Associations have long used paywalls to their advantage. But there are strategic opportunities for tapping nondues revenue that they could be leaving on the table.
By Eric Goodstadt
When it comes to content, associations and media outlets face the same conundrum: What should go behind a paywall? And what type of paywall should we use?
The tactics vary significantly: A “freemium” approach, in which readers are asked (but not forced) to pay, was common on news sites for years; a “hard paywall,” in which all content is gated unless you subscribe or join, tends to be favored by membership groups. And as technology has shifted, so have tactics.
More recently, the metered paywall, which tracks the number of articles read and asks people to pay when they hit a limit, has gained popularity on news sites, along with the “regwall,” which requires registration before you can read or continue to do so. These approaches can be combined as needed.
A Shift in Paywall Approaches
News outlets traditionally have leaned on the freemium approach, perhaps putting specialized or niche content behind a subscriber wall. Associations, meanwhile, have tended to have strong paywalls for much of their content as a part of their traditional member offerings.
But now, both groups are shifting a bit. The news industry has begun to reset its paywall strategy, gating more of its content, while associations increasingly are looking for ways to move beyond their membership offerings in the hunt for nondues revenue.
That’s a good thing—because the signs for growth are there. According to the most recent edition of Association Media & Publishing’s Association Publishing Benchmarking Study, 47 percent of respondents said digital advertising was the fastest-growing area for revenue growth. A too-tough paywall could cost you opportunities to raise more revenue.
Paywall Conundrum: Finding the Right Balance
Here’s the reality: Too much content behind a paywall can harm your opportunities to reach potential members, to tell your organization’s story to the public, and to raise important voices in your industry or sector. Too little can cost you strategic advantages. It’s complicated.
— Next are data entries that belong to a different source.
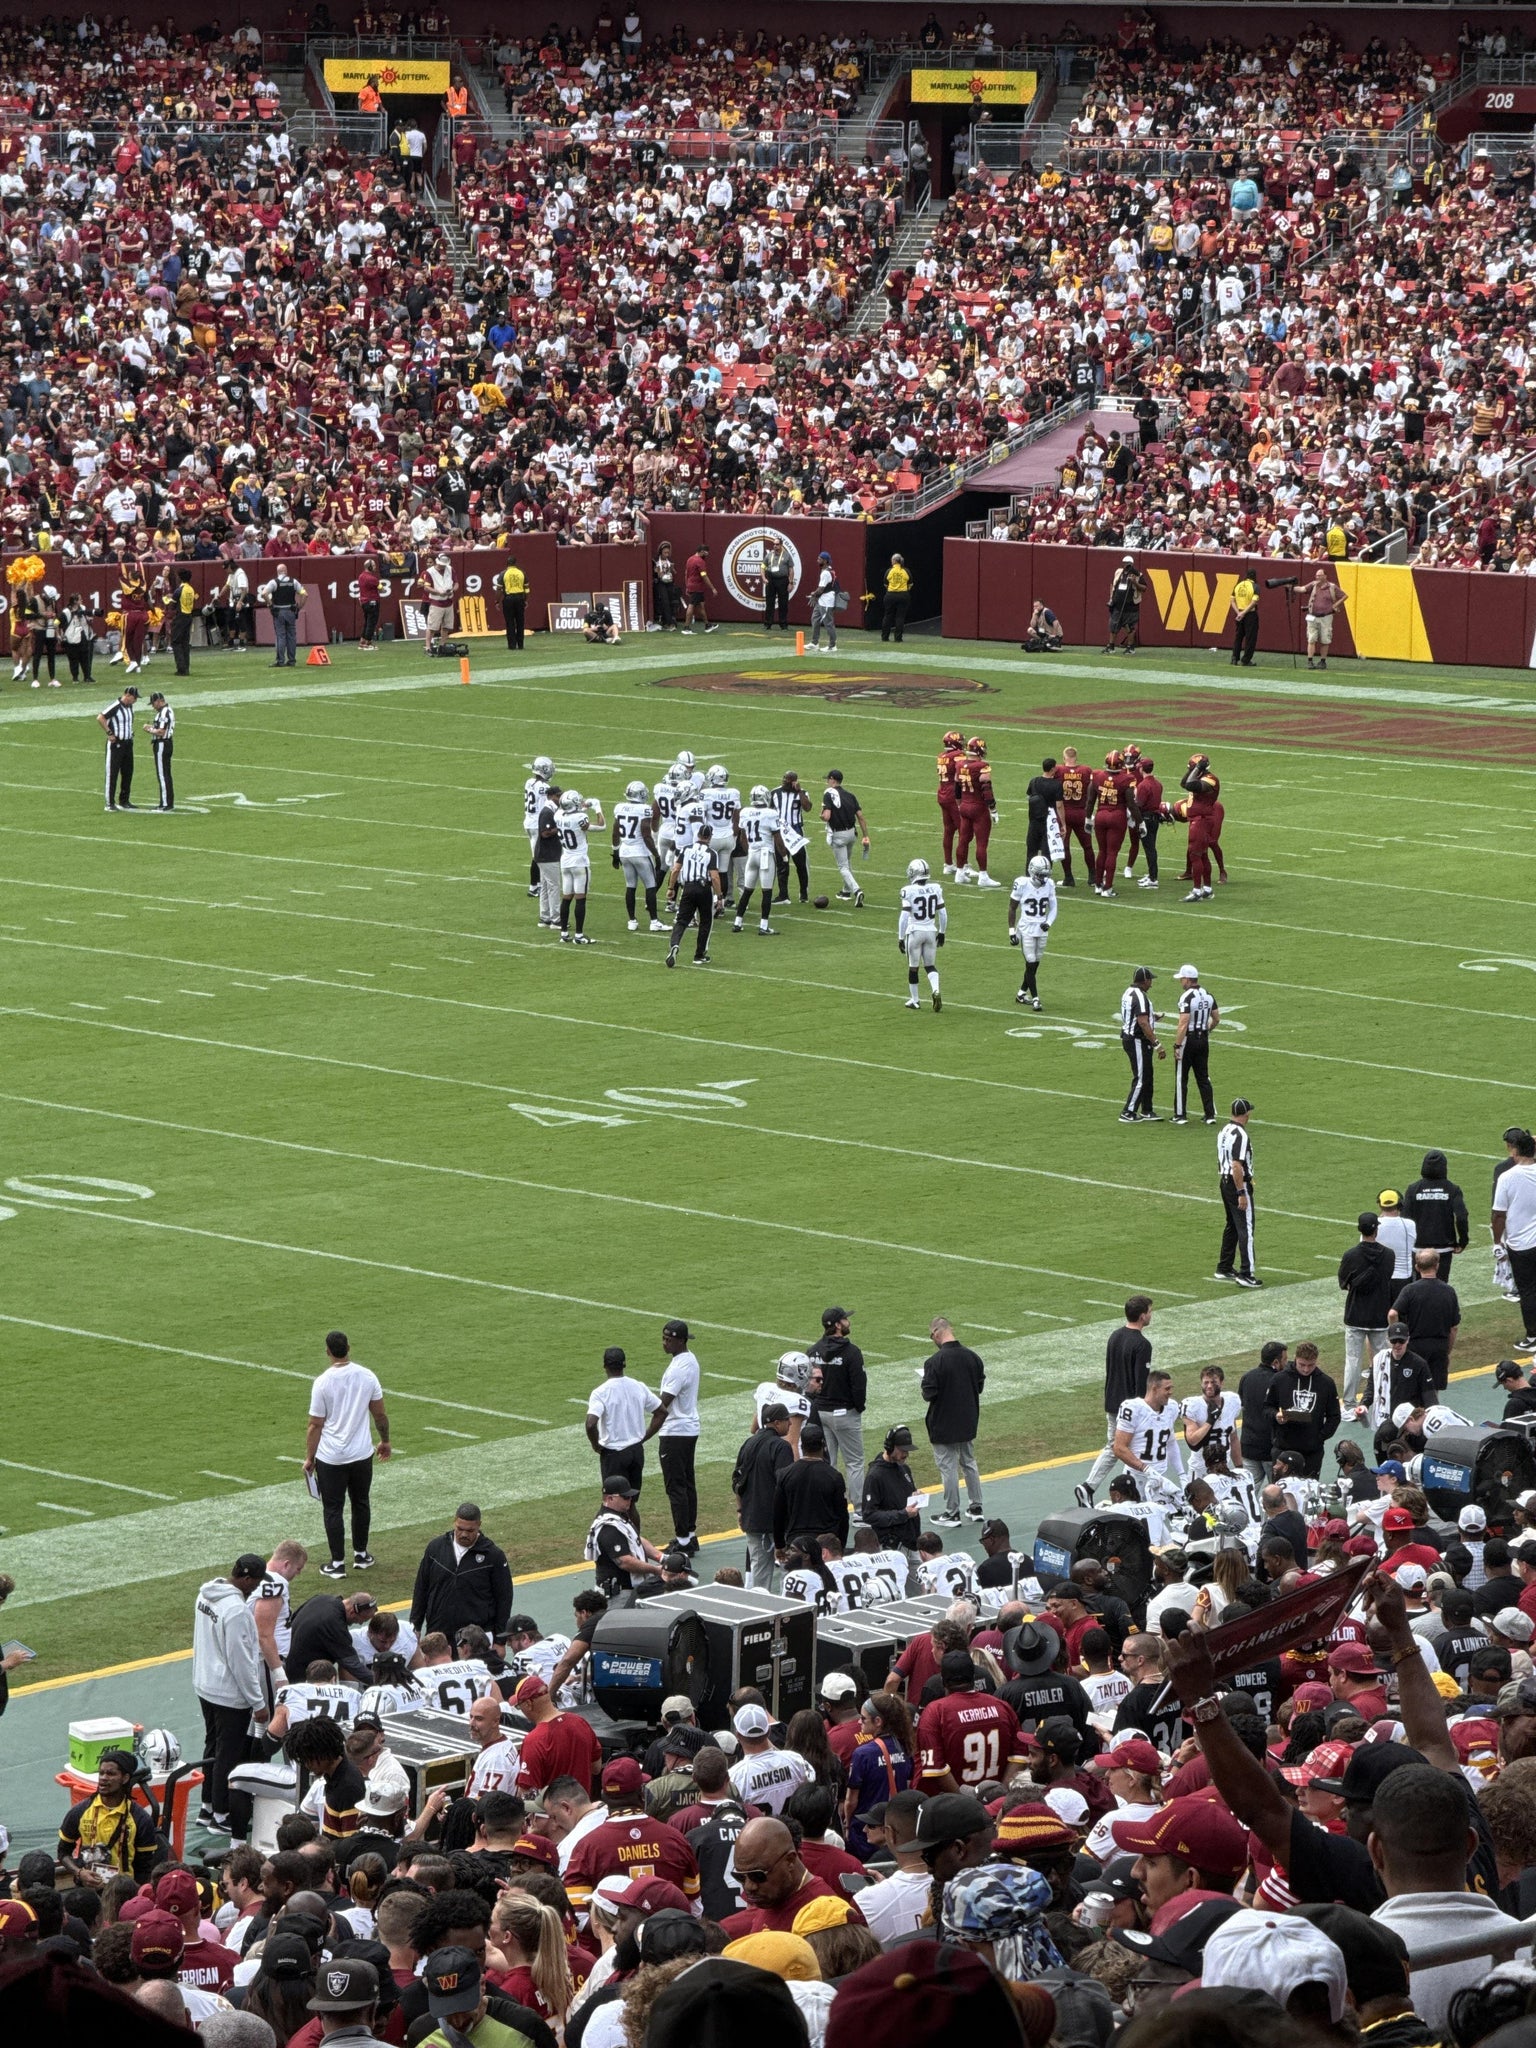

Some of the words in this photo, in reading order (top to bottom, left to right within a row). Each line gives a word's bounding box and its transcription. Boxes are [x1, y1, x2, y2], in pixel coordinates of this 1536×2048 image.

[343, 72, 380, 80] MARYLAND
[397, 73, 428, 81] LOTTERY
[984, 83, 1014, 91] LOTTERY
[1485, 93, 1515, 109] 208
[642, 150, 654, 162] 12
[792, 247, 802, 259] 21
[1225, 287, 1232, 298] 5
[1108, 343, 1120, 354] 17
[1077, 369, 1094, 384] 24
[120, 448, 132, 461] 21
[558, 450, 569, 462] 21
[582, 461, 594, 474] 21
[680, 463, 691, 477] 99
[120, 496, 136, 510] 52
[238, 503, 249, 513] 89
[369, 499, 383, 511] 28
[523, 510, 534, 522] 91
[728, 529, 767, 555] WASHINGTON
[769, 531, 796, 558] FOOTBALL
[746, 549, 760, 558] 19
[629, 582, 638, 631] WASHINGTON
[1147, 569, 1239, 634] W
[404, 605, 418, 635] DOWN
[559, 607, 578, 618] GET
[555, 618, 585, 629] LOUD!
[319, 649, 329, 662] G
[1063, 780, 1083, 801] 63
[691, 807, 703, 816] 45
[711, 801, 735, 820] 96
[618, 816, 639, 839] 57
[747, 819, 762, 842] 11
[913, 895, 938, 920] 30
[1198, 1001, 1209, 1010] 83
[1416, 1193, 1449, 1201] RAIDERS
[1117, 1406, 1133, 1422] 18
[1425, 1416, 1443, 1434] 15
[1140, 1428, 1171, 1461] 18
[1436, 1465, 1464, 1477] POWER
[870, 1553, 893, 1564] WHITE
[1043, 1550, 1066, 1562] POWER
[261, 1584, 284, 1598] 67
[784, 1576, 808, 1595] 80
[744, 1631, 772, 1646] FIELD
[1229, 1641, 1248, 1655] OF
[1248, 1613, 1309, 1650] AMERICA
[433, 1663, 473, 1676] MEREDITH
[609, 1668, 651, 1676] BREEZER
[611, 1661, 652, 1671] POWER
[1235, 1672, 1267, 1688] BOWERS
[316, 1686, 344, 1699] MILLER
[437, 1679, 478, 1714] 61
[1024, 1687, 1064, 1707] STABLER
[1097, 1681, 1130, 1700] TAYLOR
[958, 1705, 999, 1723] KERRIGAN
[1153, 1717, 1183, 1756] 34
[920, 1749, 935, 1766] 91
[962, 1729, 1000, 1783] 91
[483, 1772, 504, 1791] 17
[750, 1768, 792, 1791] JACKSON
[617, 1843, 660, 1863] DANIELS
[177, 1966, 219, 1985] ERRIGAN
[437, 1973, 459, 1991] W
What should you do?
Given the shifting use of paywalls and how your members are experiencing them in the wild, it’s probably time to do a quick analysis of what works and what doesn’t, make changes, and then course-correct as needed.
Here are four strategic insights to help you evaluate your paywall program:
Take a good, hard look at the data.
Your content should be driven by a mixture of brand, data, and strategy, in the spirit of the Content Value Model, and that requires a close, frequent look at what’s working and what’s not in direct connection with the association’s brand goals.
“Obviously a paywall only makes sense if you have truly unique content that your audience is willing to pay for. Otherwise you will have a drop in traffic,” notes Milana Sobol, Manifest’s senior vice president for digital innovation. Every organization has a different approach to what tactics might work the best, she points out, but no decision-making process is black and white, and data and research should inform how a paywall is implemented.
“I would also want to understand what are their user journeys and what are their needs and how is this content valuable to them,” Sobol says.
But don’t forget casual users in the process. You need to analyze your content strategy with both members and nonmembers in mind.
Consider your paywall’s design.
Often, The New York Times is held up as the premier example of an organization that successfully transitioned to a paywall world. Its use of a “leaky” metered paywall, which tracks the number of articles read, lets it maintain its reputation as a newspaper of record, both drawing in the occasional reader and engaging its biggest fans to the point that they’re willing to pay.
The Times even managed to make improvements over time, like enhancing its use of back-end resources and blocking users reading in “incognito mode,” without rocking the boat with its more fervent readers. An American Marketing Association study found that it also helped the paper’s bottom line—leading to not only a 16.8 percent increase in overall digital visitors but also a 1 to 4 percent increase in print subscriptions.
This approach could work for associations that want to make more strategic use of content currently behind a paywall , using it to attract new target audiences.
Don’t scare off an audience.
One thing associations should perhaps lean away from is the hard paywall; the “you’re in or you’re out” approach could create a negative experience that turns more people away than it attracts. New visitors won’t become members if you force them away. Find ways to give them a bit of a taste.
“If you’re a less-known brand or your intention is to hit maximum eyeballs—meaning you can attract advertising to set off the lower subscription fees—metered is best,” Sobol says.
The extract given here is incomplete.